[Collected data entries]
▼

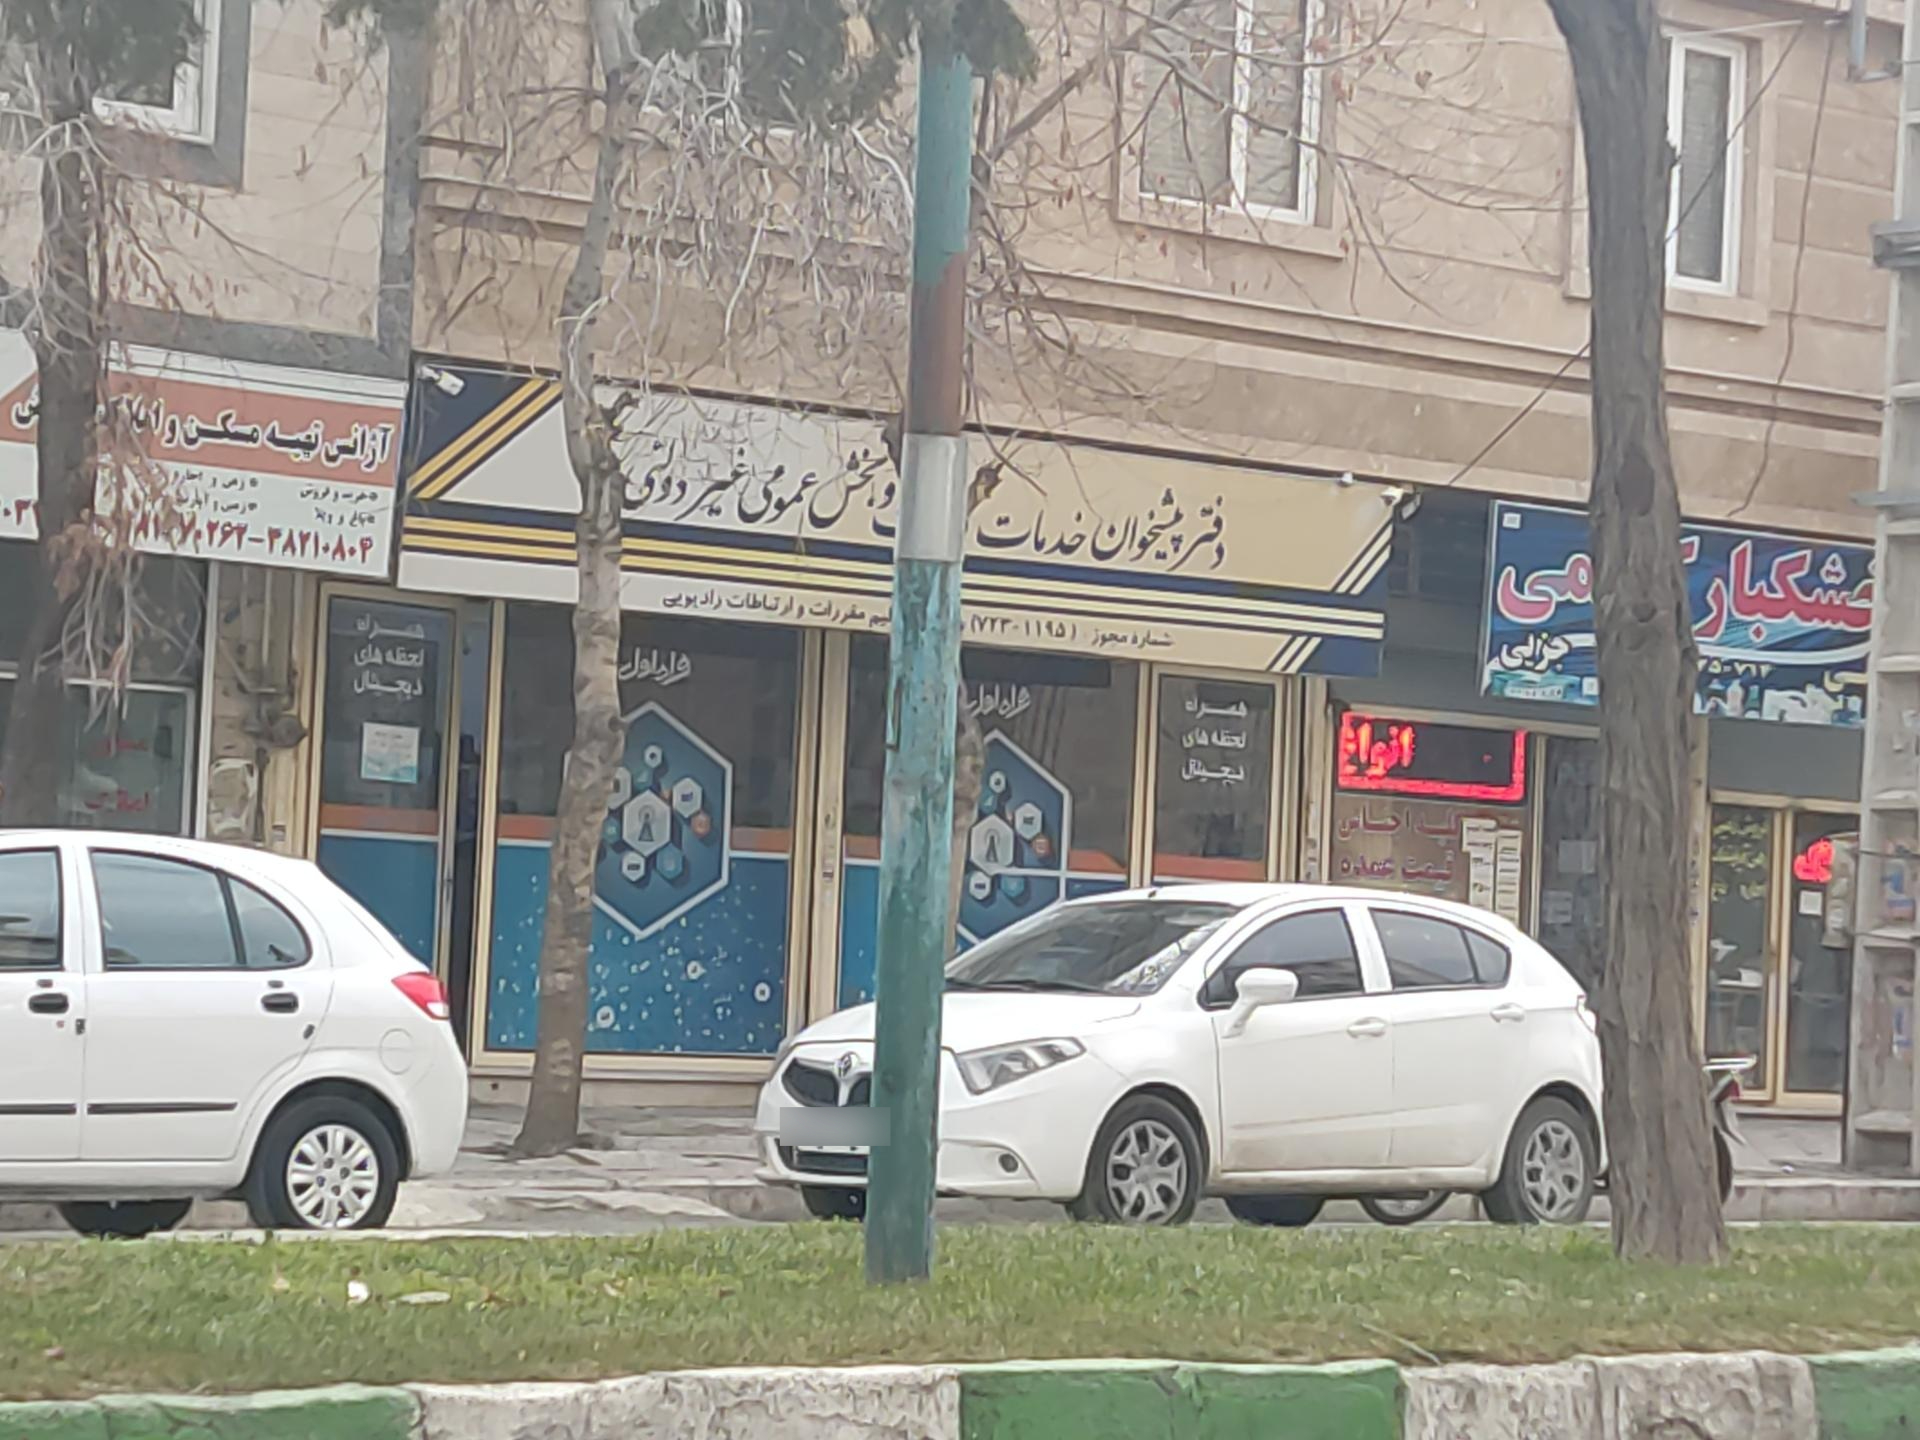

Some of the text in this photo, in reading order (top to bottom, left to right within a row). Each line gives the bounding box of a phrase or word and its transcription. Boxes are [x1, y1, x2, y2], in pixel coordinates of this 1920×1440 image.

[162, 414, 181, 446] و
[180, 408, 261, 451] مسکن
[737, 464, 818, 524] عمومی
[808, 448, 889, 529] بخش
[877, 481, 896, 510] و
[976, 509, 1086, 554] خدمات
[1090, 487, 1184, 563] پیشخوان
[1166, 495, 1225, 572] دفتر
[662, 588, 723, 611] رادیویی
[725, 591, 794, 617] ارتباطات
[796, 601, 804, 618] و
[809, 601, 866, 626] مقررات
[1090, 627, 1129, 647] مجوز
[1130, 628, 1175, 648] شماره

▲

◆ **PROBLEM DESCRIPTION**
Every last line above must be reproduced as written, and no pictures belong in the copy.

◆ **SOLVED PROBLEM**
Some of the text in this photo, in reading order (top to bottom, left to right within a row). Each line gives the bounding box of a phrase or word and its transcription. Boxes are [x1, y1, x2, y2], in pixel coordinates of this 1920×1440 image.

[162, 414, 181, 446] و
[180, 408, 261, 451] مسکن
[737, 464, 818, 524] عمومی
[808, 448, 889, 529] بخش
[877, 481, 896, 510] و
[976, 509, 1086, 554] خدمات
[1090, 487, 1184, 563] پیشخوان
[1166, 495, 1225, 572] دفتر
[662, 588, 723, 611] رادیویی
[725, 591, 794, 617] ارتباطات
[796, 601, 804, 618] و
[809, 601, 866, 626] مقررات
[1090, 627, 1129, 647] مجوز
[1130, 628, 1175, 648] شماره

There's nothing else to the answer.